To do. A faithful copy of the entries is needed, one that leaves out the pictures.
##### Listed entries
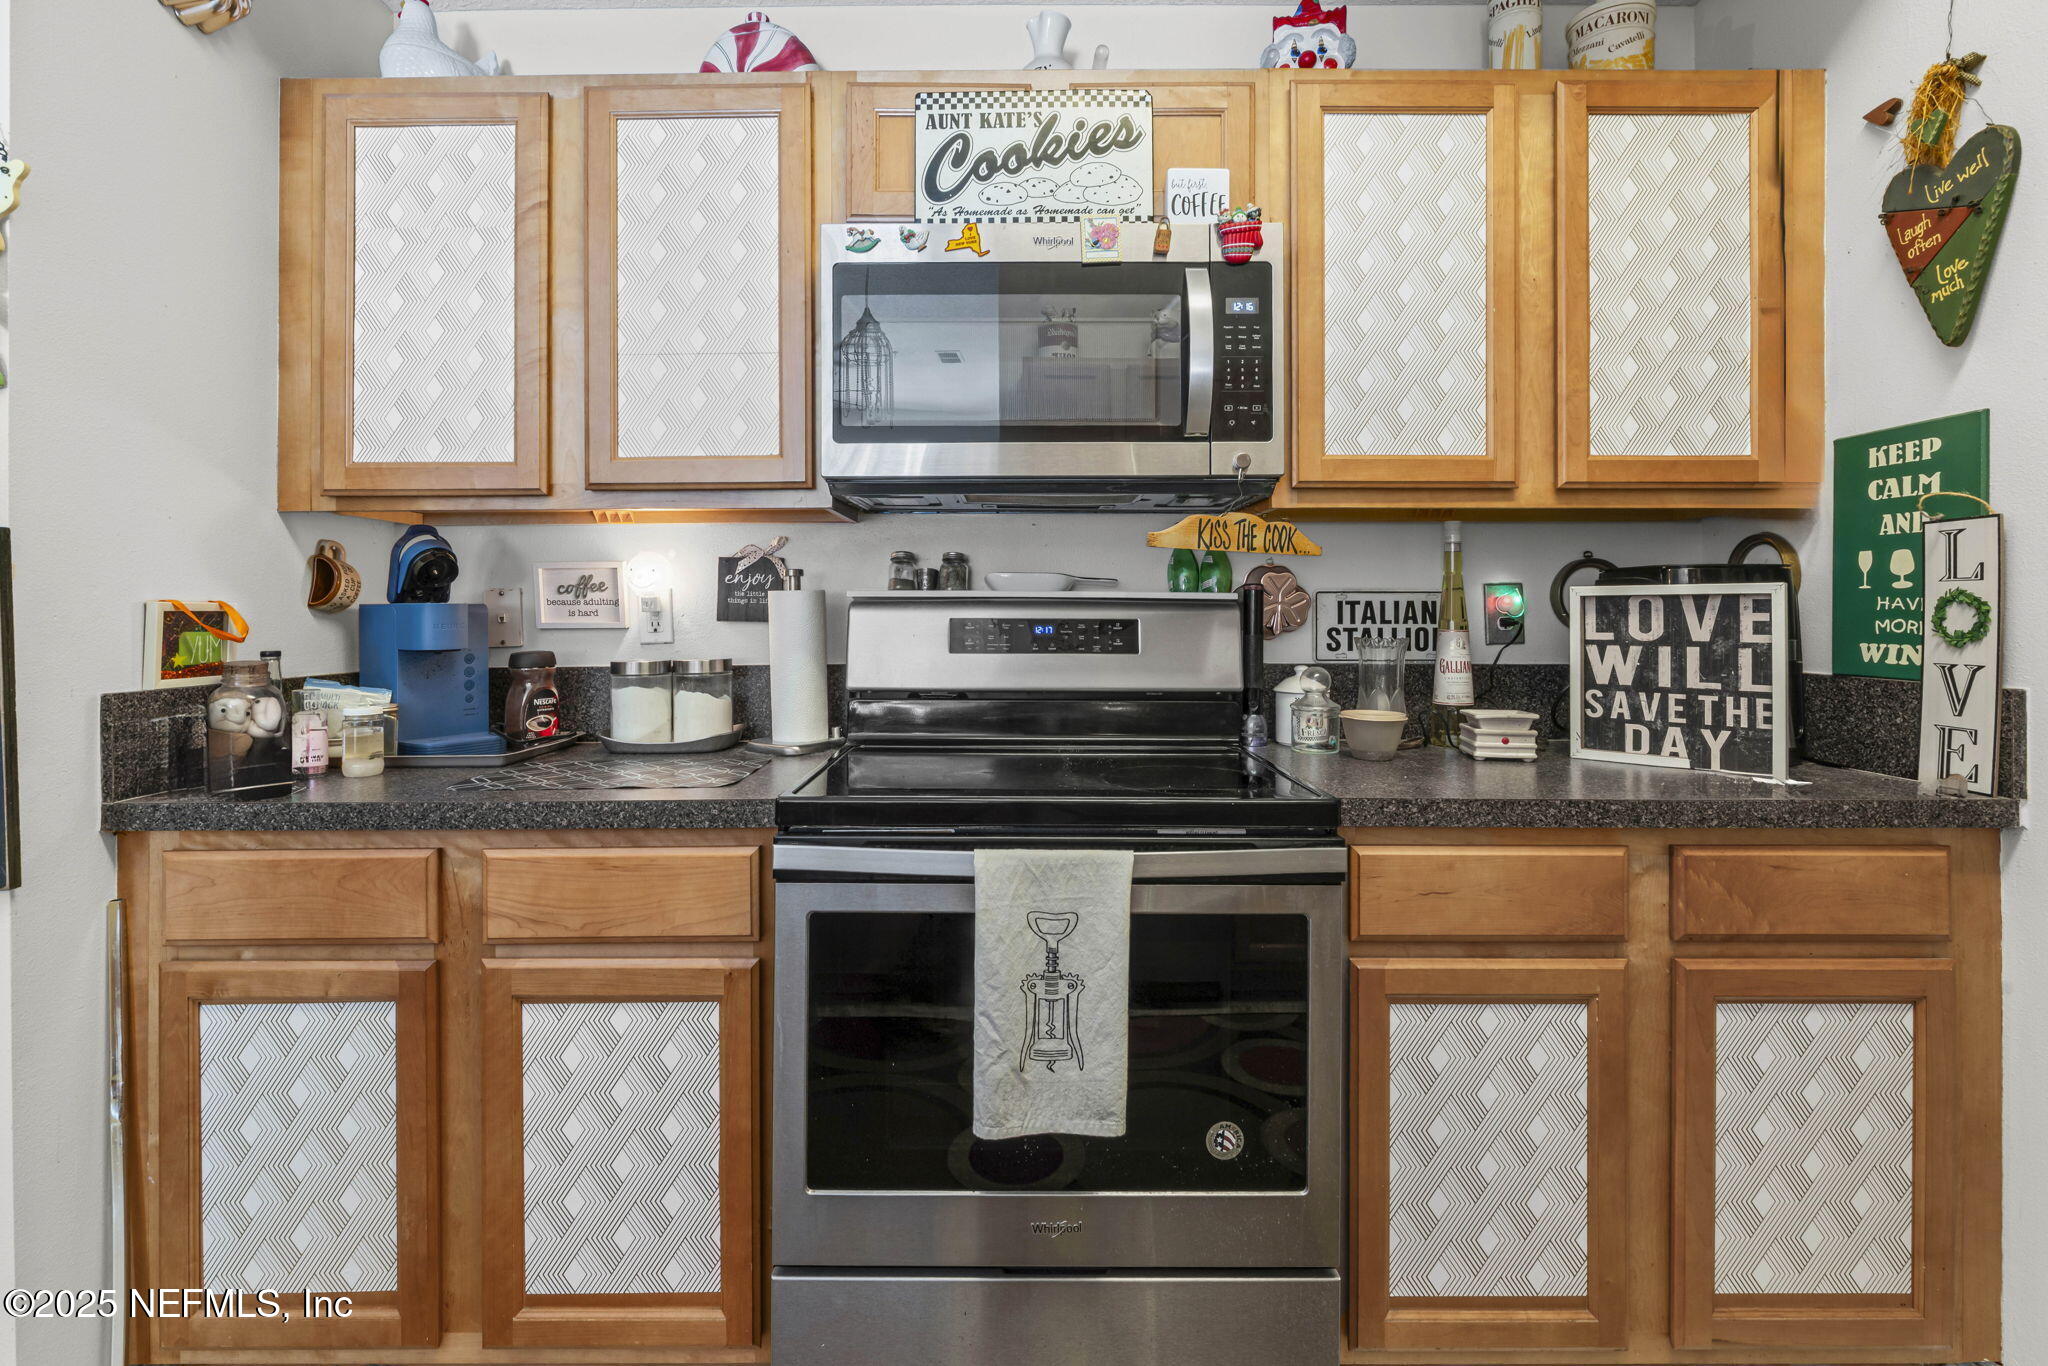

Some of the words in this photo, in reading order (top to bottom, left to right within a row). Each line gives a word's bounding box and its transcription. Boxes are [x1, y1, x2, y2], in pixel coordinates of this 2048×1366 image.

[1576, 11, 1649, 40] MACARONI
[1608, 31, 1646, 53] Cavatelli
[925, 113, 973, 130] AUNT
[979, 112, 1042, 129] KATE'S
[922, 111, 1145, 204] Cookies
[1925, 178, 1954, 204] Live
[1957, 147, 1990, 182] well
[953, 206, 1012, 216] Homemade
[1033, 205, 1093, 215] Homemade
[1171, 192, 1227, 217] COFFEE
[1897, 213, 1931, 245] Laugh
[1033, 236, 1074, 250] Whirlpool
[1907, 231, 1942, 259] often
[1935, 256, 1969, 285] Love
[1930, 273, 1965, 304] much
[1868, 437, 1942, 469] KEEP
[1867, 471, 1942, 501] CALM
[1198, 518, 1231, 550] KISS
[1234, 518, 1258, 551] THE
[557, 574, 608, 599] coffee
[725, 573, 775, 591] enjoy
[546, 598, 581, 606] because
[583, 598, 620, 607] adulting
[568, 609, 576, 617] is
[577, 609, 599, 617] hard
[1337, 601, 1437, 625] ITALIAN
[1877, 596, 1923, 612] HAV
[1035, 626, 1053, 634] 12:17
[1585, 594, 1773, 643] LOVE
[1875, 618, 1923, 635] MOR
[186, 635, 222, 664] YUM
[1326, 627, 1438, 651] STIO
[1440, 658, 1472, 675] GALLIAN
[1859, 642, 1923, 666] WIN
[1586, 644, 1773, 693] WILL
[1585, 689, 1687, 724] SAVE
[1698, 695, 1773, 729] THE
[1625, 723, 1731, 771] DAY
[1031, 1220, 1082, 1238] Whirlpool
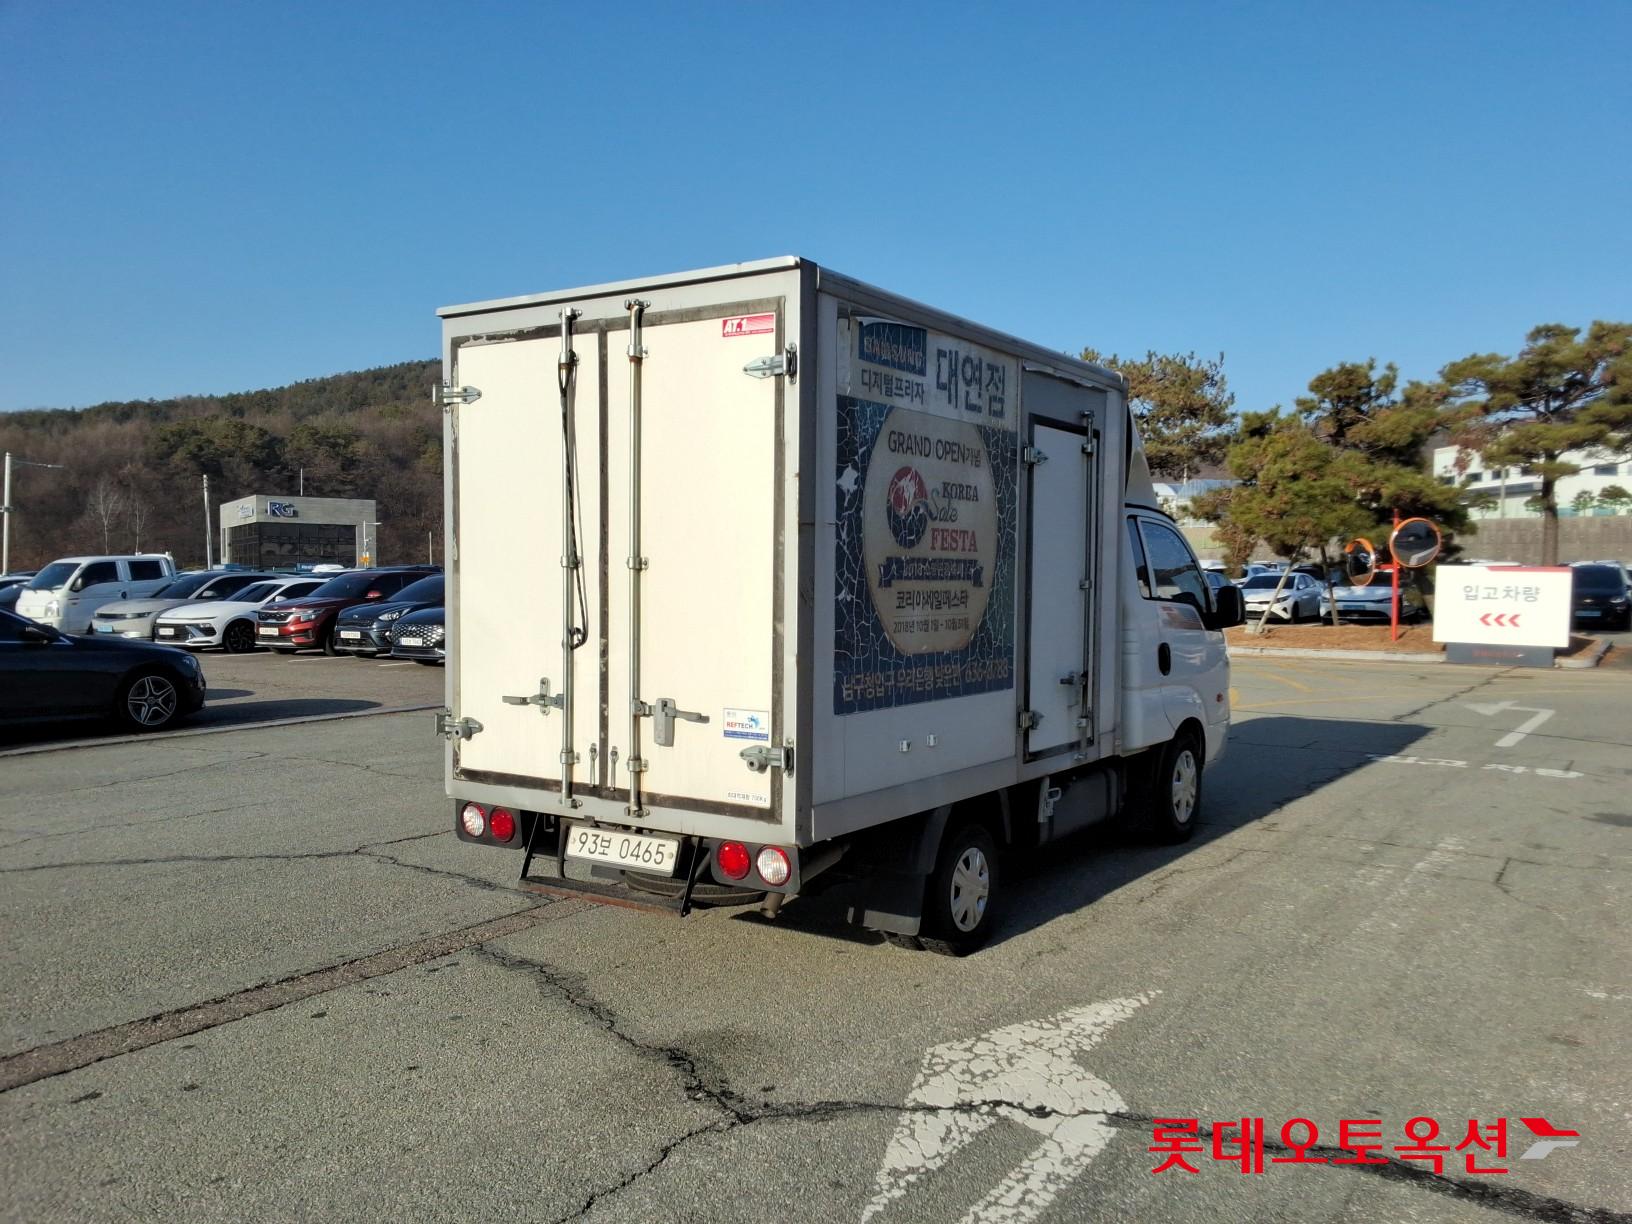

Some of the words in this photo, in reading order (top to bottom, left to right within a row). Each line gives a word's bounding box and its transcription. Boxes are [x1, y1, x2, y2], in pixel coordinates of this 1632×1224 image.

[936, 349, 1005, 419] 대연점
[888, 430, 932, 458] GRAND
[928, 487, 959, 522] Sale
[942, 482, 979, 502] KOREA
[930, 527, 978, 552] FESTA
[896, 589, 969, 610] 코리아세일페스타
[1463, 585, 1541, 603] 입고차량
[578, 832, 612, 856] 93보
[619, 838, 666, 865] 0465
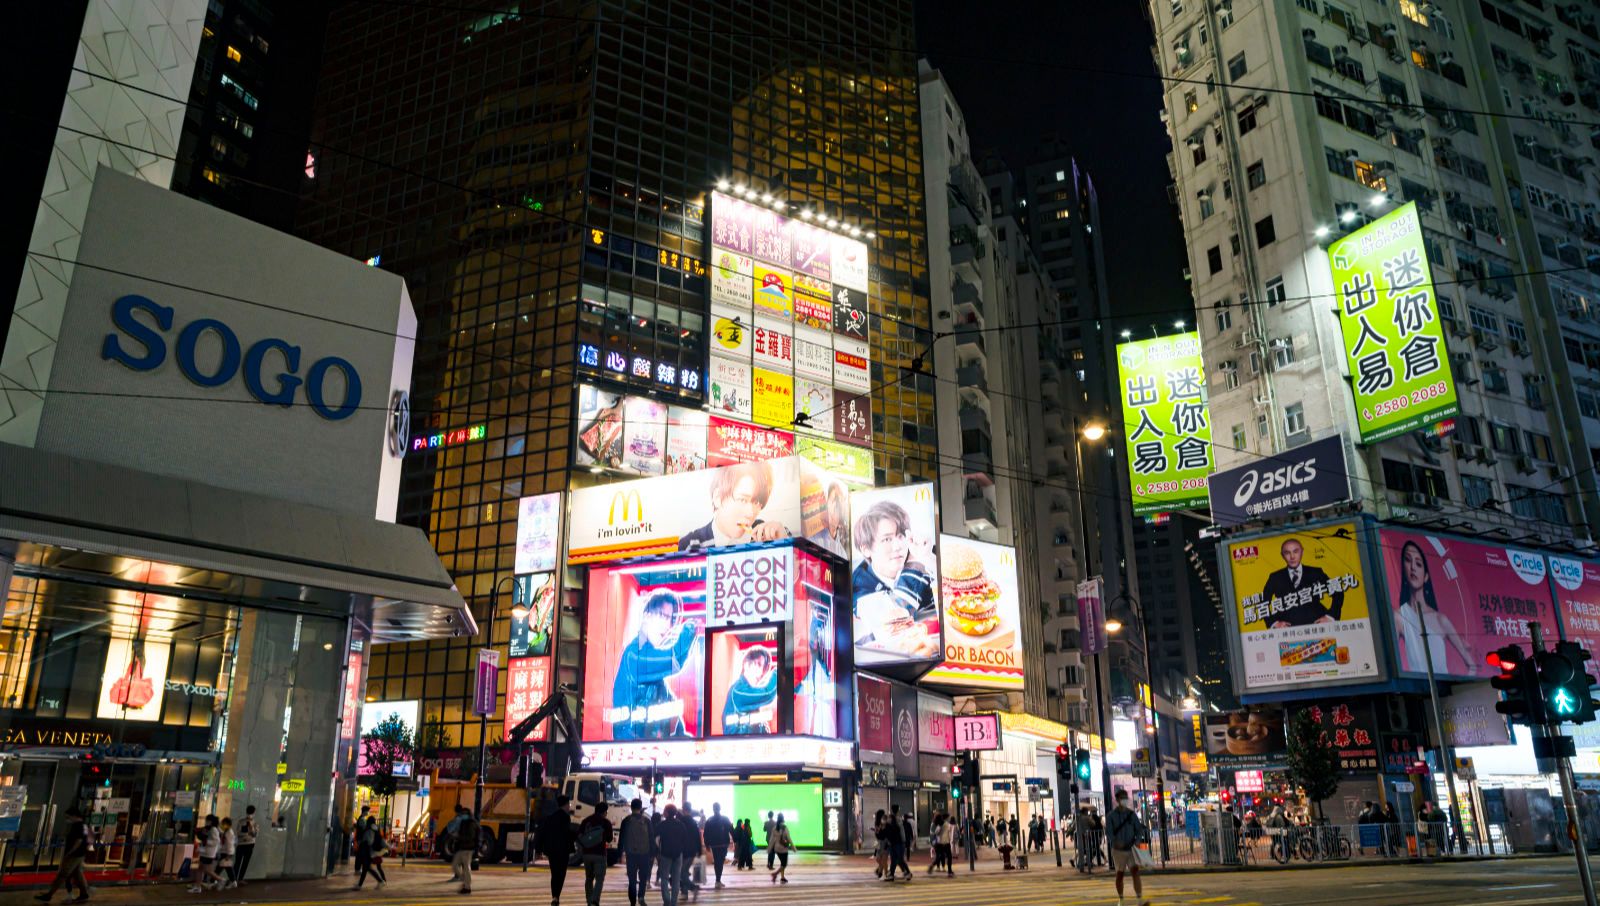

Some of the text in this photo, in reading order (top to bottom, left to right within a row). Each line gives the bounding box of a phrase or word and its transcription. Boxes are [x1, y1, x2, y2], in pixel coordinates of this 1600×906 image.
##########
Answer to this exercise.
Some of the words in this photo, in reading order (top to bottom, left to right within a row). Each line gives a word's bounding box and its transcription. Boxes are [x1, y1, x2, y2], in pixel coordinates of this 2048×1366 image.

[1576, 11, 1649, 40] MACARONI
[1608, 31, 1646, 53] Cavatelli
[925, 113, 973, 130] AUNT
[979, 112, 1042, 129] KATE'S
[922, 111, 1145, 204] Cookies
[1925, 178, 1954, 204] Live
[1957, 147, 1990, 182] well
[953, 206, 1012, 216] Homemade
[1033, 205, 1093, 215] Homemade
[1171, 192, 1227, 217] COFFEE
[1897, 213, 1931, 245] Laugh
[1033, 236, 1074, 250] Whirlpool
[1907, 231, 1942, 259] often
[1935, 256, 1969, 285] Love
[1930, 273, 1965, 304] much
[1868, 437, 1942, 469] KEEP
[1867, 471, 1942, 501] CALM
[1198, 518, 1231, 550] KISS
[1234, 518, 1258, 551] THE
[557, 574, 608, 599] coffee
[725, 573, 775, 591] enjoy
[546, 598, 581, 606] because
[583, 598, 620, 607] adulting
[568, 609, 576, 617] is
[577, 609, 599, 617] hard
[1337, 601, 1437, 625] ITALIAN
[1877, 596, 1923, 612] HAV
[1035, 626, 1053, 634] 12:17
[1585, 594, 1773, 643] LOVE
[1875, 618, 1923, 635] MOR
[186, 635, 222, 664] YUM
[1326, 627, 1438, 651] STIO
[1440, 658, 1472, 675] GALLIAN
[1859, 642, 1923, 666] WIN
[1586, 644, 1773, 693] WILL
[1585, 689, 1687, 724] SAVE
[1698, 695, 1773, 729] THE
[1625, 723, 1731, 771] DAY
[1031, 1220, 1082, 1238] Whirlpool

Some of the words in this photo, in reading order (top to bottom, left to right within a row). Each line gives a word's bounding box and its transcription. Boxes are [x1, y1, x2, y2], in pixel coordinates of this 1632×1224 image.

[936, 349, 1005, 419] 대연점
[888, 430, 932, 458] GRAND
[928, 487, 959, 522] Sale
[942, 482, 979, 502] KOREA
[930, 527, 978, 552] FESTA
[896, 589, 969, 610] 코리아세일페스타
[1463, 585, 1541, 603] 입고차량
[578, 832, 612, 856] 93보
[619, 838, 666, 865] 0465

Some of the text in this photo, in reading order (top to bottom, left to right within a row). Each line gives the bounding box of a phrase or word and its transcription. Boxes are [x1, y1, x2, y2], in pixel coordinates of this 1600×906 image.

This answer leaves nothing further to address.